----- ENTRIES SHOWN

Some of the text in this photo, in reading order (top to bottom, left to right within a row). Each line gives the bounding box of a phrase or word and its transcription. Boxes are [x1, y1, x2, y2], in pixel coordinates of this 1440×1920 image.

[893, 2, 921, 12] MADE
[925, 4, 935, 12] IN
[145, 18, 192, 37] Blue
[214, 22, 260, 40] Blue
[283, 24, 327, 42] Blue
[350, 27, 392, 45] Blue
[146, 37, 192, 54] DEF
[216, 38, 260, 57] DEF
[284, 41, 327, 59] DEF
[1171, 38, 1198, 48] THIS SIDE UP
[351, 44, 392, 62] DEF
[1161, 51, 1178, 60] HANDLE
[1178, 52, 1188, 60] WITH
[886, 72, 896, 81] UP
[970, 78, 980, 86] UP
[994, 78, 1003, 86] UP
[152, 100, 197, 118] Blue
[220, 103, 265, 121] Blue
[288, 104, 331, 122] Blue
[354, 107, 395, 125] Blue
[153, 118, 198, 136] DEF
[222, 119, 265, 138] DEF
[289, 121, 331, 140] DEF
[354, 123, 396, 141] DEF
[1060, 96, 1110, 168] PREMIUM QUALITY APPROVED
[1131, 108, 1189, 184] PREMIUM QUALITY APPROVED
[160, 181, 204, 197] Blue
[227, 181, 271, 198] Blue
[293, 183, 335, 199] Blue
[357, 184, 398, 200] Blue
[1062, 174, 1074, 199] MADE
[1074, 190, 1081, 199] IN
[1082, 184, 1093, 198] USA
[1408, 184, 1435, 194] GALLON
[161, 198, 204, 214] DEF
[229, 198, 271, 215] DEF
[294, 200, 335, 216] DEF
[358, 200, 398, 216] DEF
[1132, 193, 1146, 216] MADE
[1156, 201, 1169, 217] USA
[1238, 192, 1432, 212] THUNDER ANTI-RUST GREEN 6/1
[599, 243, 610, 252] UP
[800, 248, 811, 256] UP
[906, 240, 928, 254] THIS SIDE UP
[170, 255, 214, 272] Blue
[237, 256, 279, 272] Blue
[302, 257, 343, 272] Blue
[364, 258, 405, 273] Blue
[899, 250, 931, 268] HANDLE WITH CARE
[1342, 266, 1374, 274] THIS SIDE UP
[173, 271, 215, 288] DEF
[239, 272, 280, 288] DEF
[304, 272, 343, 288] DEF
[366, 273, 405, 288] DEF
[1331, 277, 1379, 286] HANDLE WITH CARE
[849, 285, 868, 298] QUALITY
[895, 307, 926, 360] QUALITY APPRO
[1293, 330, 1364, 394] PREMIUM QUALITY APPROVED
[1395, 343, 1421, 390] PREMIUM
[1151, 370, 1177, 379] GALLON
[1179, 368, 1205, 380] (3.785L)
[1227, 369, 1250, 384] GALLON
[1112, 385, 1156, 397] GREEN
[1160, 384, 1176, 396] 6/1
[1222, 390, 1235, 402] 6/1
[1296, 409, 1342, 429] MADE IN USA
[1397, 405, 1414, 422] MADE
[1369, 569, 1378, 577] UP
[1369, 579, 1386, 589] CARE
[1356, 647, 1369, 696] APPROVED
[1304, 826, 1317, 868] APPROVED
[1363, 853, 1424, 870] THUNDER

----------

__REQUIRED WORK__.
Send back every record, precisely as written.

__ANSWER__.
Some of the text in this photo, in reading order (top to bottom, left to right within a row). Each line gives the bounding box of a phrase or word and its transcription. Boxes are [x1, y1, x2, y2], in pixel coordinates of this 1440×1920 image.

[893, 2, 921, 12] MADE
[925, 4, 935, 12] IN
[145, 18, 192, 37] Blue
[214, 22, 260, 40] Blue
[283, 24, 327, 42] Blue
[350, 27, 392, 45] Blue
[146, 37, 192, 54] DEF
[216, 38, 260, 57] DEF
[284, 41, 327, 59] DEF
[1171, 38, 1198, 48] THIS SIDE UP
[351, 44, 392, 62] DEF
[1161, 51, 1178, 60] HANDLE
[1178, 52, 1188, 60] WITH
[886, 72, 896, 81] UP
[970, 78, 980, 86] UP
[994, 78, 1003, 86] UP
[152, 100, 197, 118] Blue
[220, 103, 265, 121] Blue
[288, 104, 331, 122] Blue
[354, 107, 395, 125] Blue
[153, 118, 198, 136] DEF
[222, 119, 265, 138] DEF
[289, 121, 331, 140] DEF
[354, 123, 396, 141] DEF
[1060, 96, 1110, 168] PREMIUM QUALITY APPROVED
[1131, 108, 1189, 184] PREMIUM QUALITY APPROVED
[160, 181, 204, 197] Blue
[227, 181, 271, 198] Blue
[293, 183, 335, 199] Blue
[357, 184, 398, 200] Blue
[1062, 174, 1074, 199] MADE
[1074, 190, 1081, 199] IN
[1082, 184, 1093, 198] USA
[1408, 184, 1435, 194] GALLON
[161, 198, 204, 214] DEF
[229, 198, 271, 215] DEF
[294, 200, 335, 216] DEF
[358, 200, 398, 216] DEF
[1132, 193, 1146, 216] MADE
[1156, 201, 1169, 217] USA
[1238, 192, 1432, 212] THUNDER ANTI-RUST GREEN 6/1
[599, 243, 610, 252] UP
[800, 248, 811, 256] UP
[906, 240, 928, 254] THIS SIDE UP
[170, 255, 214, 272] Blue
[237, 256, 279, 272] Blue
[302, 257, 343, 272] Blue
[364, 258, 405, 273] Blue
[899, 250, 931, 268] HANDLE WITH CARE
[1342, 266, 1374, 274] THIS SIDE UP
[173, 271, 215, 288] DEF
[239, 272, 280, 288] DEF
[304, 272, 343, 288] DEF
[366, 273, 405, 288] DEF
[1331, 277, 1379, 286] HANDLE WITH CARE
[849, 285, 868, 298] QUALITY
[895, 307, 926, 360] QUALITY APPRO
[1293, 330, 1364, 394] PREMIUM QUALITY APPROVED
[1395, 343, 1421, 390] PREMIUM
[1151, 370, 1177, 379] GALLON
[1179, 368, 1205, 380] (3.785L)
[1227, 369, 1250, 384] GALLON
[1112, 385, 1156, 397] GREEN
[1160, 384, 1176, 396] 6/1
[1222, 390, 1235, 402] 6/1
[1296, 409, 1342, 429] MADE IN USA
[1397, 405, 1414, 422] MADE
[1369, 569, 1378, 577] UP
[1369, 579, 1386, 589] CARE
[1356, 647, 1369, 696] APPROVED
[1304, 826, 1317, 868] APPROVED
[1363, 853, 1424, 870] THUNDER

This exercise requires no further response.